Survivors of similar experiences can recognize each other by the look in each other’s eyes. Or by their sense of humor. When someone makes what seems like an odd or even unfeeling remark about their own child’s behavior, another parent whose situation is similar, will smile, nod or even chuckle. The parent of a typical child might offer sympathy or shock but not the “insider” joke. Humor can bring you closer to one another or identify those who have been through similar experiences.

We laugh at our kids because they are so darned funny. There are moments when their behavior is absurd, bizarre or so out of whack with the situation that we have to shake our heads and laugh (usually where they can’t see us).
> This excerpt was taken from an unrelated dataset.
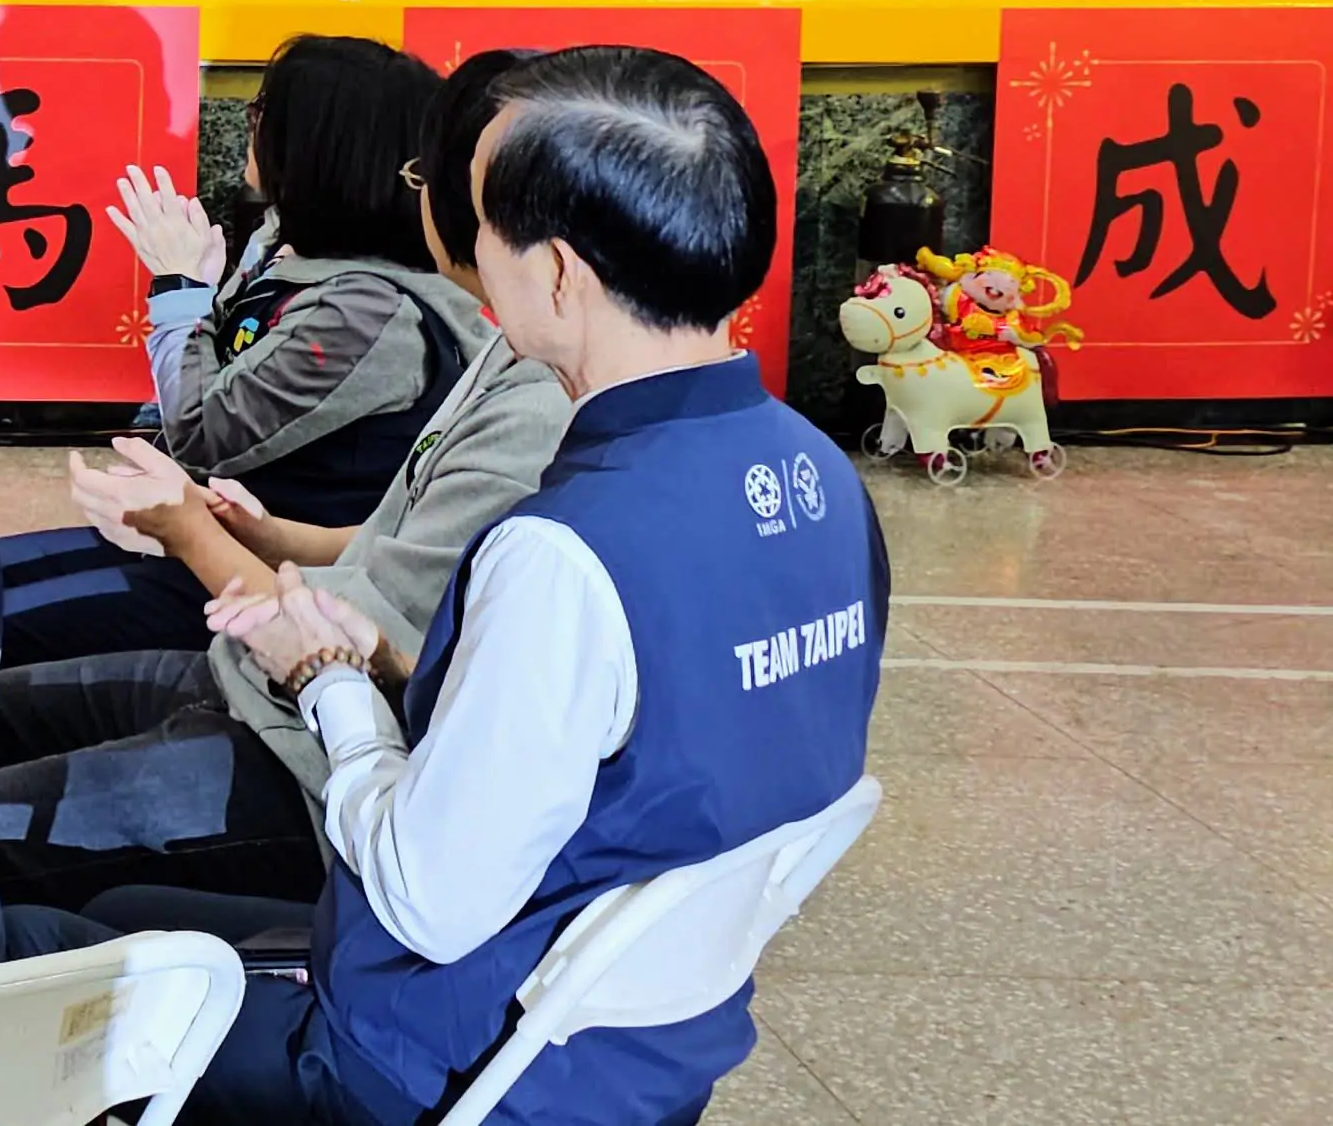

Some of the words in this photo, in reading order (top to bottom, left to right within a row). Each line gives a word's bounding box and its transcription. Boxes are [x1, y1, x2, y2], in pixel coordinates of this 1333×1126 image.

We laugh for our kids, because they have such a hard time seeing the humor in life. They are intense, moody and often everything seems threatening to them. It’s hard to sustain that perspective and their parents usually cannot. We laugh with our kids because they, and we, feel so isolated that sharing fun or humor is a moment we value. We laugh despite our kids because we all need to distance ourselves when we are drowning in emotion and master our fear.

For some people, their sense of humor abandons them when things start to go wrong. For others, it kicks into high gear. Years ago, when I facilitated support groups, I was lucky enough to meet Maureen. Her young son was unpredictable, fragile and often was unsure what was real or not. She would tell stories of his life during each group and add her own droll comments. One time she reported that he was sure he saw a (nonexistant) man in their house. He would report the man’s movements, sometimes with fear, sometimes with confusion. One day he reported that the strange man no one else saw was in her bedroom and he had seen him on the bed. “Honey,” she replied, “I should be so lucky.”

Humor is essential to fighting burnout and keeping yourself focused. It creates a language that no one would else would understand except someone else who has been through it. Humor can bring you closer to one another and build some emotional distance from stress, pain or feeling overwhelmed.

Parents are often advised to “do something for themselves” or take care of themselves when raising a child with mental health needs. Conventional advice includes getting a massage or going away for the weekend, which might be almost impossible to achieve. But nurturing and valuing your sense of humor — and using it often — is something we can all do.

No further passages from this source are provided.